Originally, Barrow-Wights were similar to the Nazgul in Tolkiens mind, even related one could say. In 'The Return of the Shadow (HOME)', CRT noted some of Tolkiens scribblings whereby his intention was that the Nazgul were 'horsed' Barrow-Wights. Actually, that varied a number of times, for the Barrow-Wights who had attacked the group on the downs were horsed. It is intriguing to see the development of the story and the characters at the early stage. Though thankfully it did, for we may have had Bingo as Frodo and Trotter as Strider!!
However, as he progressed thru writing this chapter some significant changes were introduced that dispelled this idea. The problem is that there is no real reference to who they were in his earlier writings, nor does he elaborate on their demise which is what we really want.

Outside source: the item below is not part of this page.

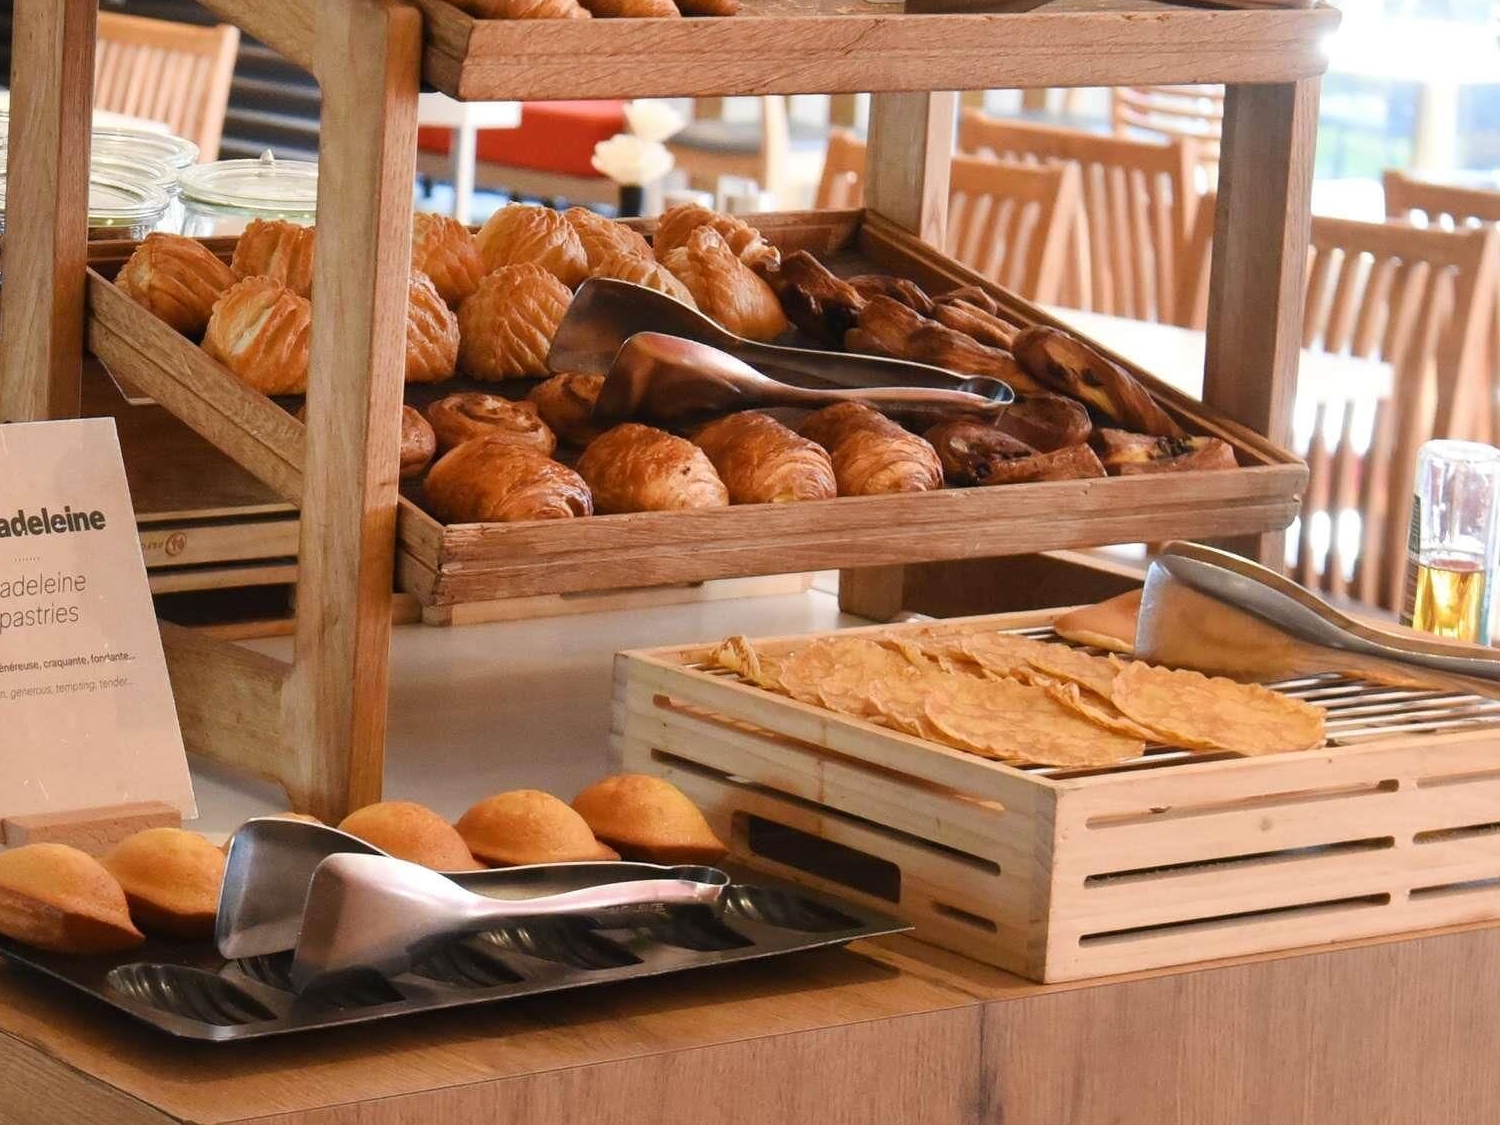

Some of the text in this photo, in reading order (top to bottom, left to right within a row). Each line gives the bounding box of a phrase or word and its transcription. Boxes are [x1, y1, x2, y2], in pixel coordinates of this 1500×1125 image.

Yet, the more I searched other references the more I began to understand that the truth is simple enough to find. This lies in Tom Bombadil's verse that he sings when he opens the roof of the Barrow;



> Get out, you old Wight! Vanish in the sunlight!
> Shrivel like the cold mist, like the winds go wailing



It is exactly this that destroys the Wight, possibly combined with the command of Tom's words, but most likely the power of the clear sunlight that fills the tomb, the Wight becomes as a mist and its screams fade into unmeasureable distance. Why use magic where none is indeed required, Tom knew the power of the sunlight and that in itself was the power he needed for this task.

Regarding Tom stamping on the 'spider-like hand'. There is no clear reference that he does this. Stamping and Thumping could simply describe Tom's 'bull in a china shop' approach to searching the tomb for treasure. Because Frodo thought he saw it, does not mean that Tom stampped upon it. However, if he did, it may be that this 'severed' hand remained in shadow, while the main part of the body was destroyed by the flow of sunlight. This strengthens my belief that it was the Sunlight that destroys the wight more than the verse, if the verse was so powerful, then surely all, even the hand would simply have disappeared.

As always I am open to scrutiny by the members of this forum.


----------



## Bucky (Feb 6, 2002)

Ok, I'll buy that explanation as it makes perfect sense.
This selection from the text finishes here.